Example #4: Student Presentation of the Results
Fewer students allow time for students to report results from their small group (or individual)
work to the entire class. Peer review/evaluation of such presentations offers additional
interaction, whether written or verbal, immediate or after class.
Large Classes:
While large classes provide a great opportunity for collecting large data sets, they produce their
own set of challenges. For example, many excuses have been heard to not foster active learning
through the use of groups in large classes: “the chairs do not move,” “I won’t be able to talk to
all the groups,” “it will be too loud,” etc. Carbone (1998) indicates that active/cooperative
learning can be effective in large classes as well as small ones and provides suggestions to foster
active learning in large classes. For very large classes, an assistant, who might even be an
advanced student, could be helpful for group supervision (Davidson 1990). In some cases there
may be an opportunity to break a large statistics course into separate smaller lab or discussion
sections in which group work and activities could be used.
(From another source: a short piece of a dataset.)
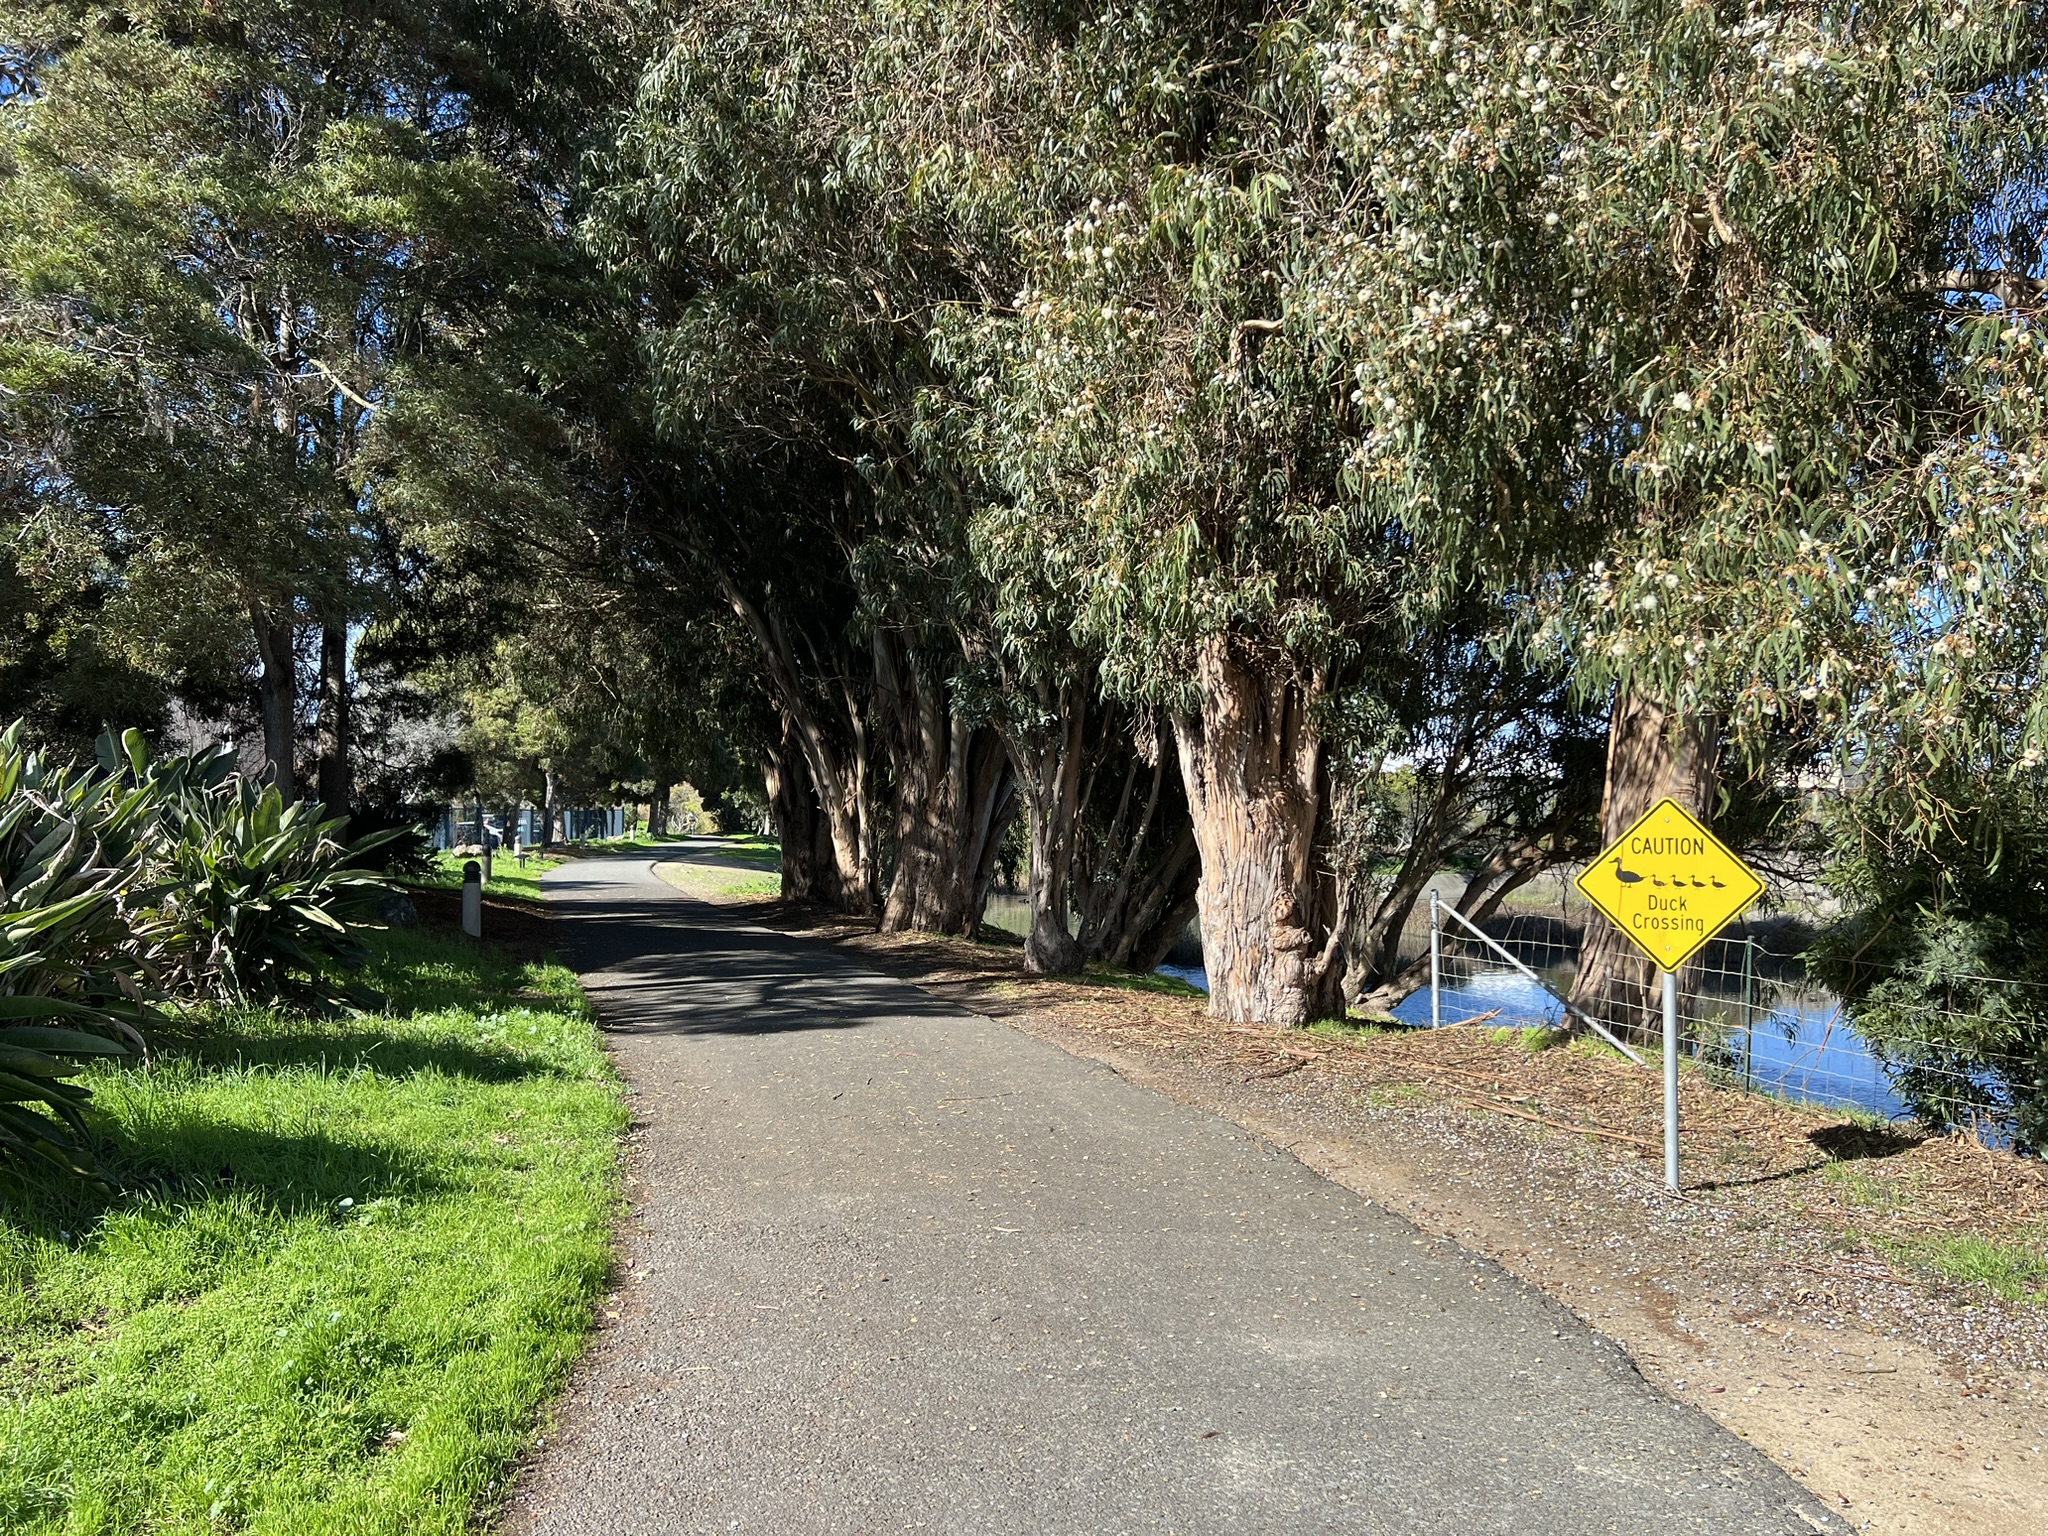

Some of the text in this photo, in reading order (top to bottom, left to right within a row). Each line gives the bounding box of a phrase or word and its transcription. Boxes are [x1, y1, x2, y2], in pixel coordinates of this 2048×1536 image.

Gelman and Nolan (2002) report that with careful selection, activities can be used successfully in
large statistics classes and strongly encourage group work to promote student learning. In
particular, they suggest that when selecting activities for large classes, choose those in which the
majority of students remain seated and a limited number of students go to the board or make a
presentation to the class.
Regardless of the class size, involving students in the course is important. Gelman and Nolan
(2002) provide an example of “Active Homework”: Throughout the semester, they suggest
assigning pairs of students to go to the library to find data that is needed for class or brought up
in a class discussion. For a small class, by the end of the semester, the entire class could have
this experience. Another approach to this same activity is to have students find data from the
web to bring to class.
Example #1: Working with Partners in Positive, Productive Ways
A modification of the think-pair-share method that has been recommended for large classes by
Blumberg (2015) can be remembered with the acronym FSLC. These letters help the students
remember to Formulate the answer on their own first, then Share it with a partner. The
acronym specifically encourages important partner behaviors, and teachers are encouraged to not
omit the last two steps of the process which are to ensure that students Listen carefully to the
answer of their partner and then Create a new answer that uses both partner’s information in a
manner so that the new answer is better than each of the individual answers.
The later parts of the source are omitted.